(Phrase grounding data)
┌──

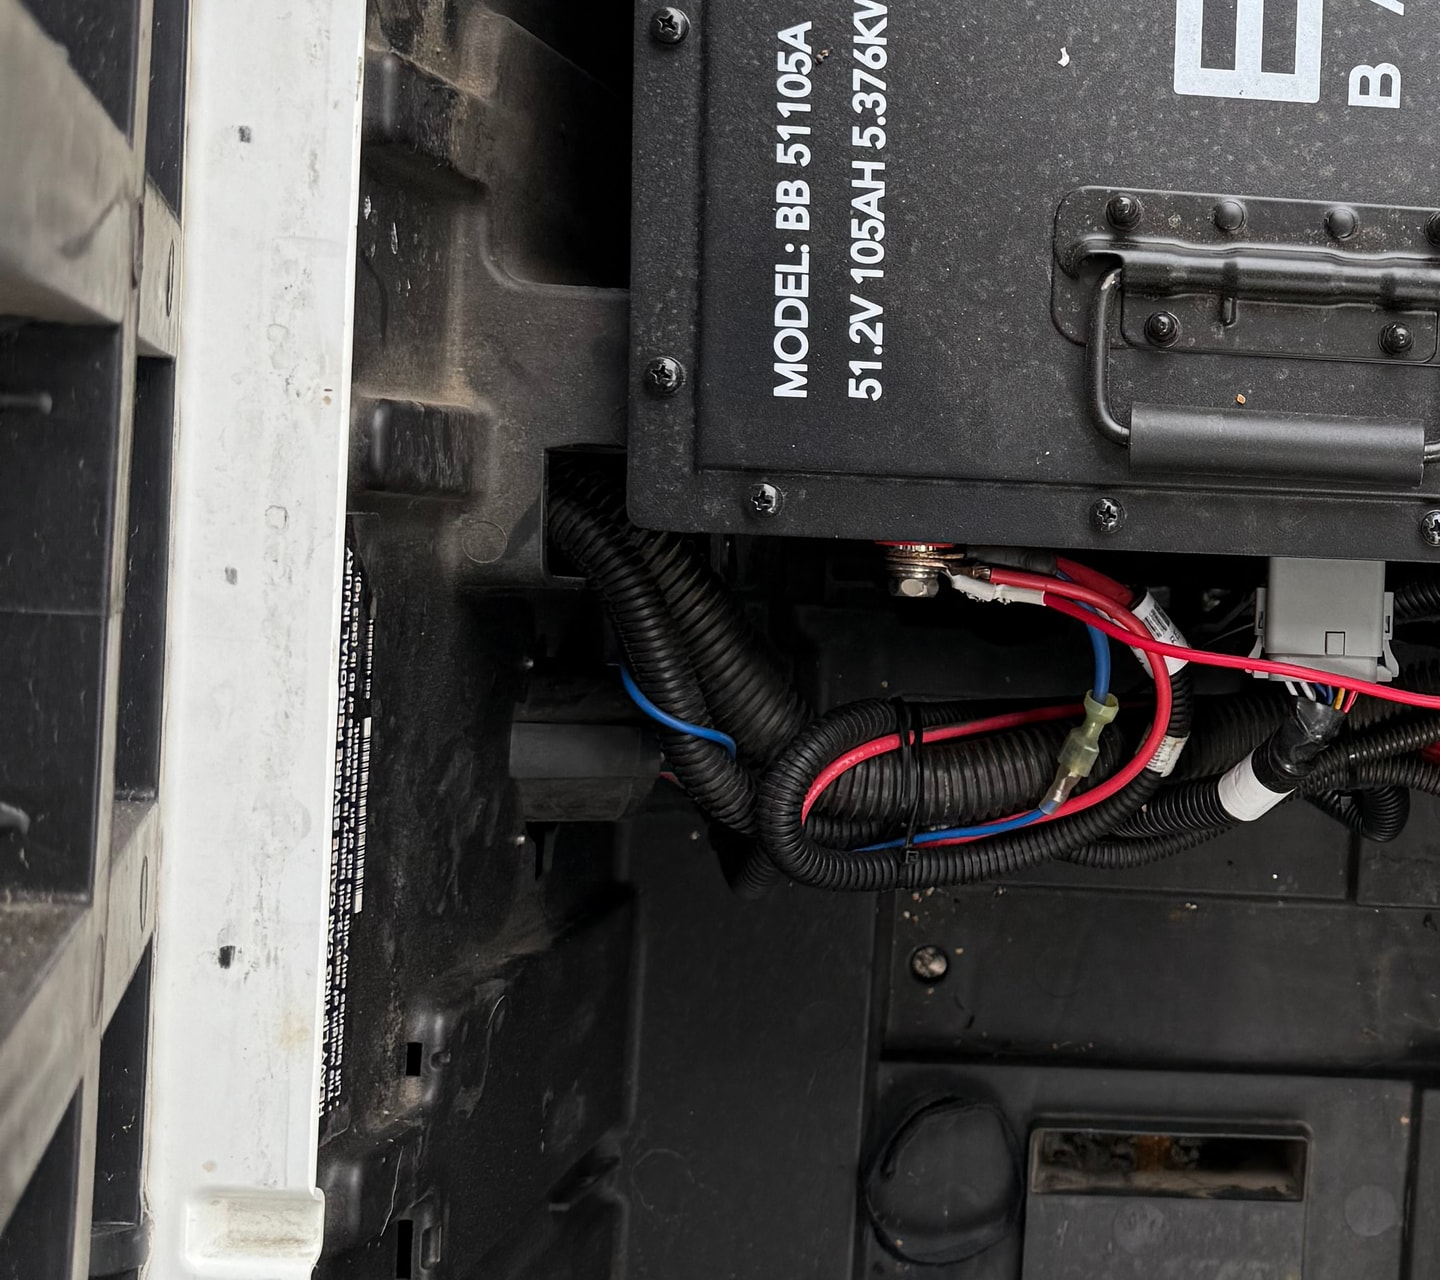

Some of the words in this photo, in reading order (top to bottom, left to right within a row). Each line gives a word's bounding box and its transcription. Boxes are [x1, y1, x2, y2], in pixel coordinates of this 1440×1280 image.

[776, 179, 810, 231] BB
[850, 161, 885, 284] 105AH
[773, 243, 809, 398] MODEL:
[848, 294, 884, 402] 51.2V
[342, 546, 354, 622] INJURY
[336, 626, 350, 742] PERSONAL
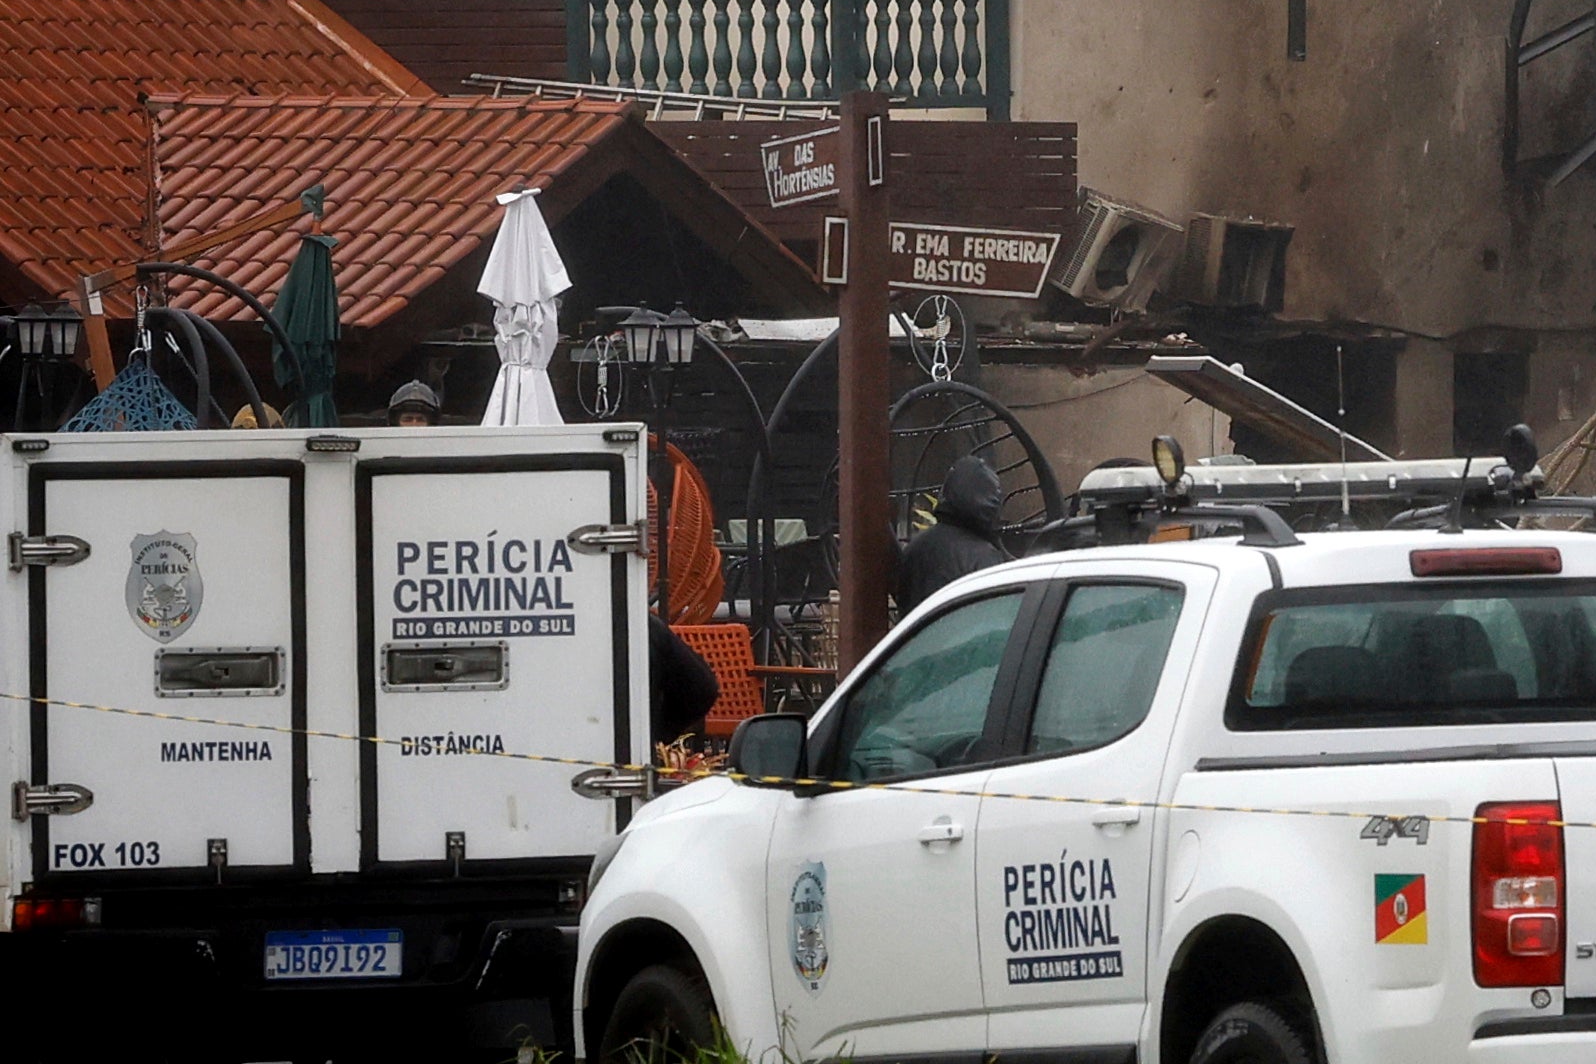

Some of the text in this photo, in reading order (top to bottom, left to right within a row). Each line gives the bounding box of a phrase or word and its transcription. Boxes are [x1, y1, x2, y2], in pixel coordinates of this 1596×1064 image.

└──

INSTRUCTIONS TO FOLLOW -
Please repeat each line above exactly as it appears, but omit the pictures.

SOLUTION -
Some of the words in this photo, in reading order (top to bottom, left to right within a row). Each line gives a word's bounding box and its transcription. Boxes are [x1, y1, x2, y2], in pixel coordinates of this 1440×1280 image.

[776, 179, 810, 231] BB
[850, 161, 885, 284] 105AH
[773, 243, 809, 398] MODEL:
[848, 294, 884, 402] 51.2V
[342, 546, 354, 622] INJURY
[336, 626, 350, 742] PERSONAL

Some of the text in this photo, in reading order (top to bottom, left to right within a row). Each line gives the bounding box of a phrase or word and its transcription. Boxes are [x1, y1, x2, y2], in pixel coordinates of this 1596×1064 image.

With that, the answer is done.